IN PRINT: People Are Strange

Palahniuk’s nonfiction is hit and miss

Scott Dickensheets

"Stranger Than Fiction" is a hell of a promise to make, at least with a straight face, and particularly when the fiction being referenced is Chuck Palahniuk's. He wrote Fight Club, remember, and "Guts," a short story about a man forced to chew through his own large intestine. So when he titles his first collection of essays and journalism Stranger Than Fiction: True Stories, you're like, Whoa, because this guy is always straight-faced.


The subjects are promising: pockets of the culture where dreams are cultivated or manipulated or strangled or left for dead; Palahniuk territory. The bawdy "Testicle Festival" in outback Montana; amateur wrestling; demolition derbies.


But if there's nothing wrong with the ideas, there's often something screwy with the stories. Piece after piece gasps for air in the grip of Palahniuk's pitiless minimalism. His style is so pared down, so intent on shedding needless affect, so determined to maintain a nonjudgmental distance, that it often fails to be moving. He accomplishes the singular trick of making the Testicle Festival's displays of public sex seem mundane, which is fine if that's what he was going for, but it begs the question: Why bother? He could have devoted that typing to his next novel. That thought arises too often, in his unconvincing homage to workshop minimalist Amy Hempel, in his story about walking around Seattle in a giant dog suit, a piece that's an object lesson in how to drain the humor from a possibly fun premise.

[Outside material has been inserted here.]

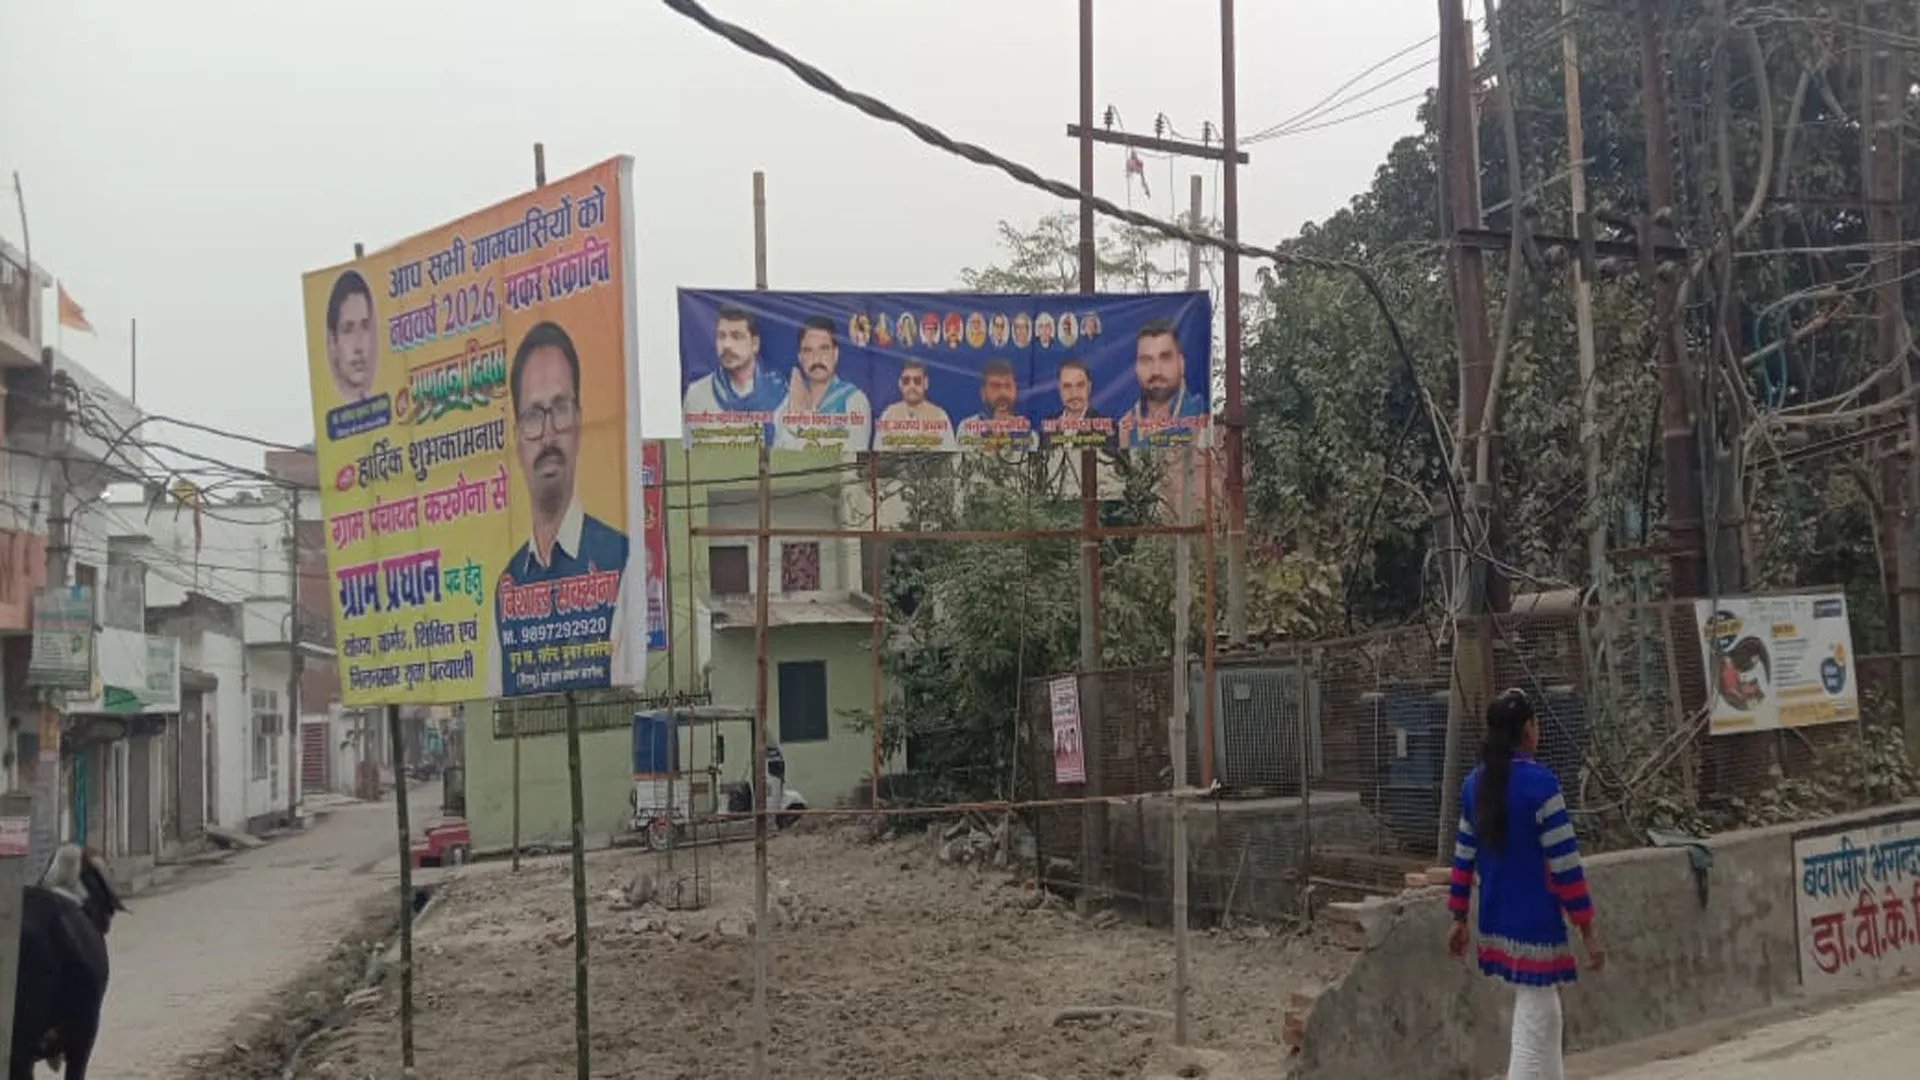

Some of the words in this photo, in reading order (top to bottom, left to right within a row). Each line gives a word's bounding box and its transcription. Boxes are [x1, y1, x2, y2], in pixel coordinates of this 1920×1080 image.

"Where Meat Comes From," about his visit to an amateur wrestling tournament in Iowa, nearly works anyway. It's about love, faith and dedication in the absence of glory, torn cartilage. Palahniuk territory, for sure. But he implements several writing strategies that undercut our interest. Curiously, he chooses to paraphrase some of the really good stuff he learned—tales of wrestlers so fanatically devoted that they jog in the aisles on airplanes—and instead fills the mouths of his subjects with such boilerplate quotespeak as this: "I think wrestlers are misjudged a lot ... it's really a classy sport." That denies the people he writes about the idiosyncrasies that might've given them more convincing dimensions. Combined with the flattening effect of his prose—not for Palahniuk the effusions of joy, heartbreak, exertion and pain—the piece needs every one of its 19 pages to establish an emotional connection with the reader.


Ditto the piece on gonzo farmhands who play demolition derby with old crop-harvesting equipment in "Demolition." Again, Palahniuk's brick-and-mortar prose keeps the farce at bay, and all we're left are descriptions of ancient combines bumping into each other. It might be titillation for the Monster Garage crowd, but the rest of us wonder why the writer didn't bother to at least climb into a cockpit himself.


That's not to say Palahniuk can't coax a laugh from a throwaway piece combining Brad Pitt and lip-enhancing devices—in unguarded moments, when there doesn't seem to be much on the line, Palahniuk can be funny.


Because minimalism is better suited to the depiction of sadness and desperation, a piece like "You Are Here" works a lot better. It's ostensibly about those grim cattle-call conventions where would-be writers and screenwriters pay to pitch episodes of their pathetic lives as movie material. Here, Palahniuk's formal agenda serves the cheerless subject perfectly.


But it soon becomes clear that what he's really getting at is the commodification of storytelling, the way the urge to peddle our life stories as films or crisis memoirs is making us emphasize the stories instead of the life. "Our technology for telling stories becomes our language for remembering our lives. For understanding ourselves," he writes. If he's not—by far—the first to suggest "our hunger for stories might reduce our awareness of the actual experience" (life is becoming more like the movies!), he is the first writer I've read who's suggested that this might, in fact, be a good thing; that trying to experience better stories might make us lead better lives. "Instead of letting life just happen, we can outline our personal plots." And then he speculates on the larger, political implications—"Maybe our sense of 'been there, done that' will save us from declaring the next war. If war won't 'play,' then why bother? ... If we see that war 'tanks' after opening weekend, then no one will green-light another one."


The book is a mixed bag, is what I'm saying.


In February, during a rollicking reading in Vegas, Palahniuk, in reference to "Guts," said something like, I only have 11 pages to make you laugh and break your heart, to yank us through an entire mutilayered emotional experience. And in "Guts," it worked to spectacular effect. It's too bad his fiction is so much stranger than his true stories.